A quiet laugh escaped her before she could stop it. Jake grinned slightly at the sound like he’d accomplished his mission. That was Jake. Always trying to make things lighter whenever Evelyn started drifting too far into her own head. Outside, lightning flashed across the mountains. Evelyn looked out the window silently.
Italy.
Their new home. Ancient villages rested between cliffs and forests like forgotten secrets while fog curled around distant rooftops. The deeper they drove into the mountains, the stranger the atmosphere became.
Beautiful.
But unsettling.
Like the town itself was watching her arrival.
“You’re thinking too hard again,” Jake muttered beside her.
“I’m literally just looking outside.”
“Yeah, with your existential crisis face.”
“What does that even mean?”
“It means you look like you’re questioning the meaning of life.”
“Maybe I am.”
“That’s depressing.”
Evelyn smiled faintly before resting her forehead against the cold window again.
The truth was…
she didn’t want to move here.
Not really.
London had never fully felt like home, but at least it had been familiar. Safe. Predictable.
This place felt different.
Too quiet.
Too old.
Too alive.
And ever since they’d crossed into the town borders an hour ago, the strange pressure in her chest had only gotten worse.
As if something inside her had suddenly awakened.
Her fingers tightened unconsciously around the necklace.
The silver crescent pendant had been with her since infancy.
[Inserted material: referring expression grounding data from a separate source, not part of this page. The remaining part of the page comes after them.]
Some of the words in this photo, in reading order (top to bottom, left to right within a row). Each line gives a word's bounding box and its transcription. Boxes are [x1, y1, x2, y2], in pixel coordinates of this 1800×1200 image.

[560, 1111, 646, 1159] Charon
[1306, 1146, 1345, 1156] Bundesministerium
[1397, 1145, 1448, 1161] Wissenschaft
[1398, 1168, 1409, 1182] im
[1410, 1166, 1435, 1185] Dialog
According to John and Adeline, it had been the only thing found with her eighteen years ago when she’d been left outside their doorstep during a storm in London.
No note.
No explanation.
No parents.
Just a baby wrapped in blankets and a necklace nobody could identify.
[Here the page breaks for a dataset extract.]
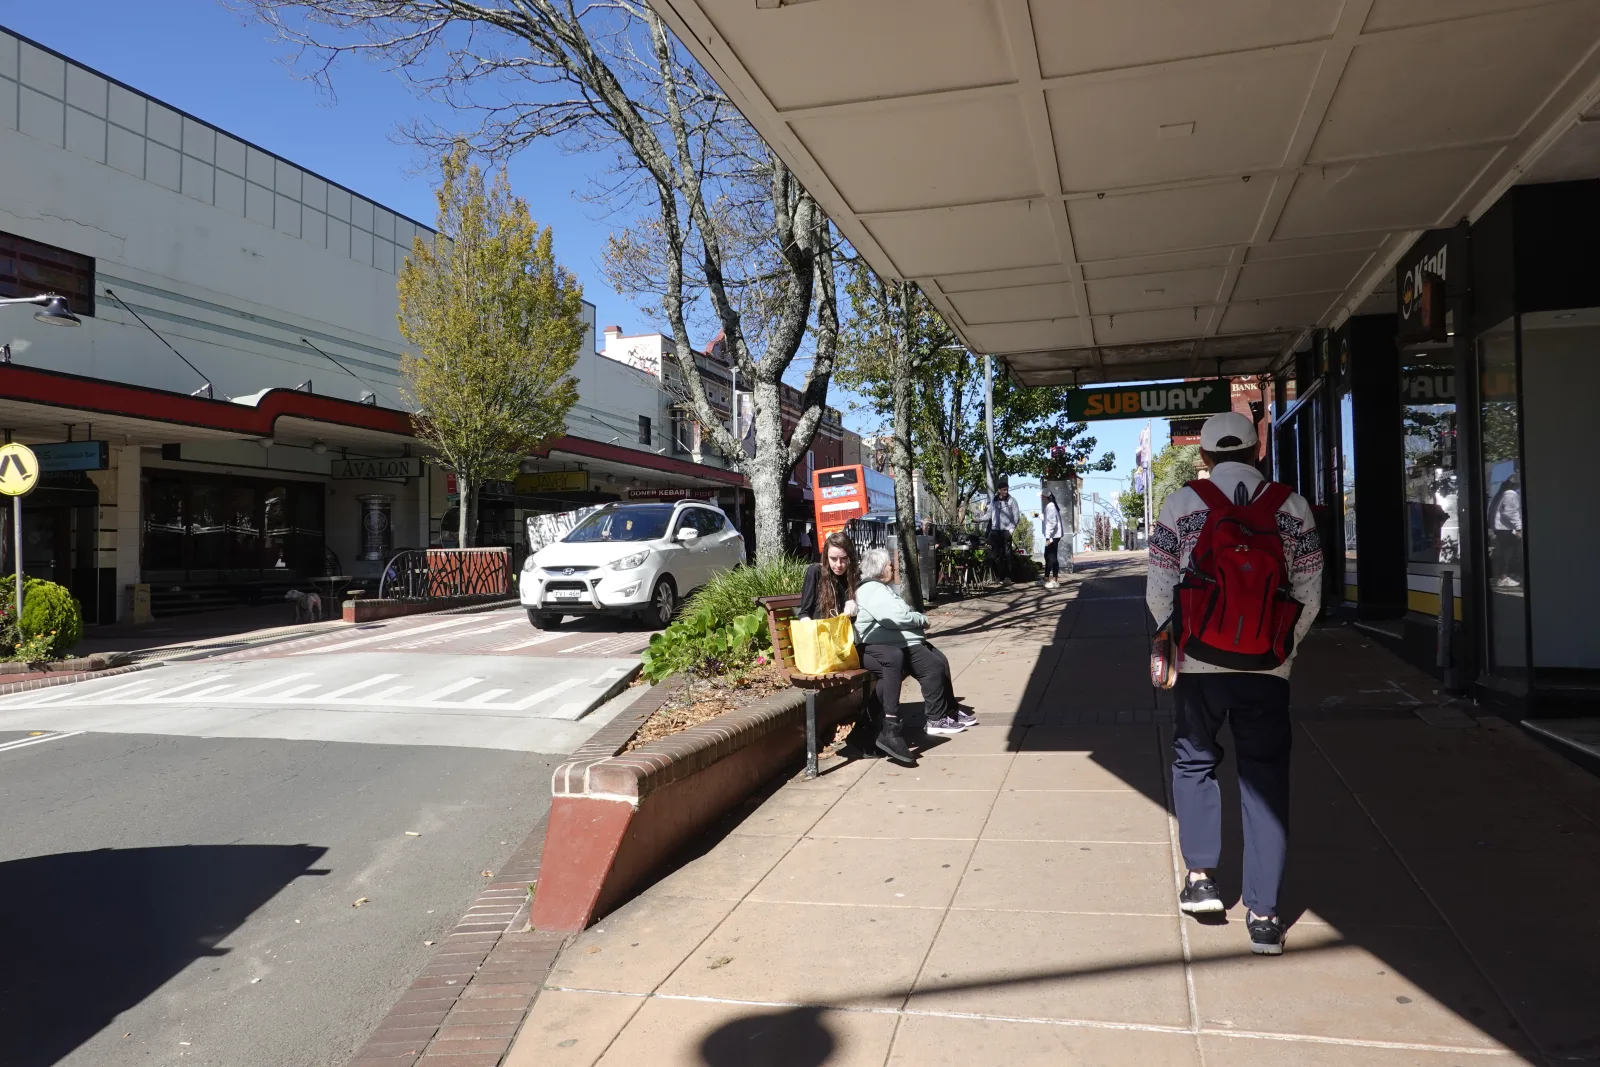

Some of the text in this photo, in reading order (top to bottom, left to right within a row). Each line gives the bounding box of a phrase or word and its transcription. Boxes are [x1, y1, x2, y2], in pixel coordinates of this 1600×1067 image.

[1231, 382, 1258, 392] BANK
[1083, 385, 1213, 416] SUBWAY
[343, 461, 410, 477] AVALON
Evelyn used to ask questions when she was younger.
Where did I come from?
Who left me there?
Did they love me?
But eventually the questions stopped.
Not because she stopped wondering.
Because the answers never came.
Lightning flashed again outside.
For one brief second, Evelyn thought she saw movement deep within the forest beside the road.
A pair of glowing eyes.
Watching the car.
She jerked upright instantly.
The figure vanished.
Her heartbeat quickened.
You’re imagining things.
Probably.
Hopefully.
Up front, Adeline lowered the radio volume softly.
“You’ll like the town once you settle in,” she said gently.
Evelyn nodded even though she wasn’t convinced.
John glanced at her again through the mirror.
“You nervous about school?”
“A little.”
“You’ll make friends fast.”
Jake snorted beside her. “She literally attracts weird people everywhere we go.”
“Thanks, Jake.”
“I meant it affectionately.”
Evelyn shook her head with a small smile, but the feeling didn’t last long.
Because suddenly—
heat spread across her chest.
Her breath caught.
The necklace.
It was warm.
No.
hot.
Evelyn grabbed it instinctively beneath her sweater.The silver pendant burned against her fingertips.
“What the—”
“Evie?” Jake frowned immediately.
The necklace pulsed once beneath her hand.
Then again.
Like a heartbeat.
Her stomach twisted.Fear crept slowly into her chest.She pulled the necklace out from beneath her sweater—and froze.
The silver crescent glowed faintly blue.
Nobody spoke.
The inside of the car suddenly felt suffocatingly small.Adeline turned around sharply.
For one terrifying second—she looked terrified.
Not confused.
Not shocked.
Terrified.
Then the expression disappeared so quickly Evelyn almost thought she imagined it.
“What’s wrong?” John asked carefully.
Evelyn stared at the necklace.The glow slowly faded.
“I…” she whispered uncertainly. “I don’t know.”
Silence filled the car afterward.Heavy silence.The kind that felt full of things nobody wanted to say out loud.Rain battered the windows harder while fog swallowed the road ahead.
Then...
Evelyn heard it.
A whisper.
Soft.
Cold.
Right beside her ear.Find her.She froze instantly.
Her pulse spiked.
Jake frowned beside her. “What?”
“You didn’t hear that?”
“Hear what?”
Another flash of lightning illuminated the forest outside.And
this time—Evelyn knew that she saw them.
Multiple glowing eyes staring from the darkness between the trees.
Watching.
Waiting.
Then somewhere deep in the mountains—something howled.Not like a wolf.Something far worse.And for reasons she couldn’t explain—the sound made her feel like she was finally coming home.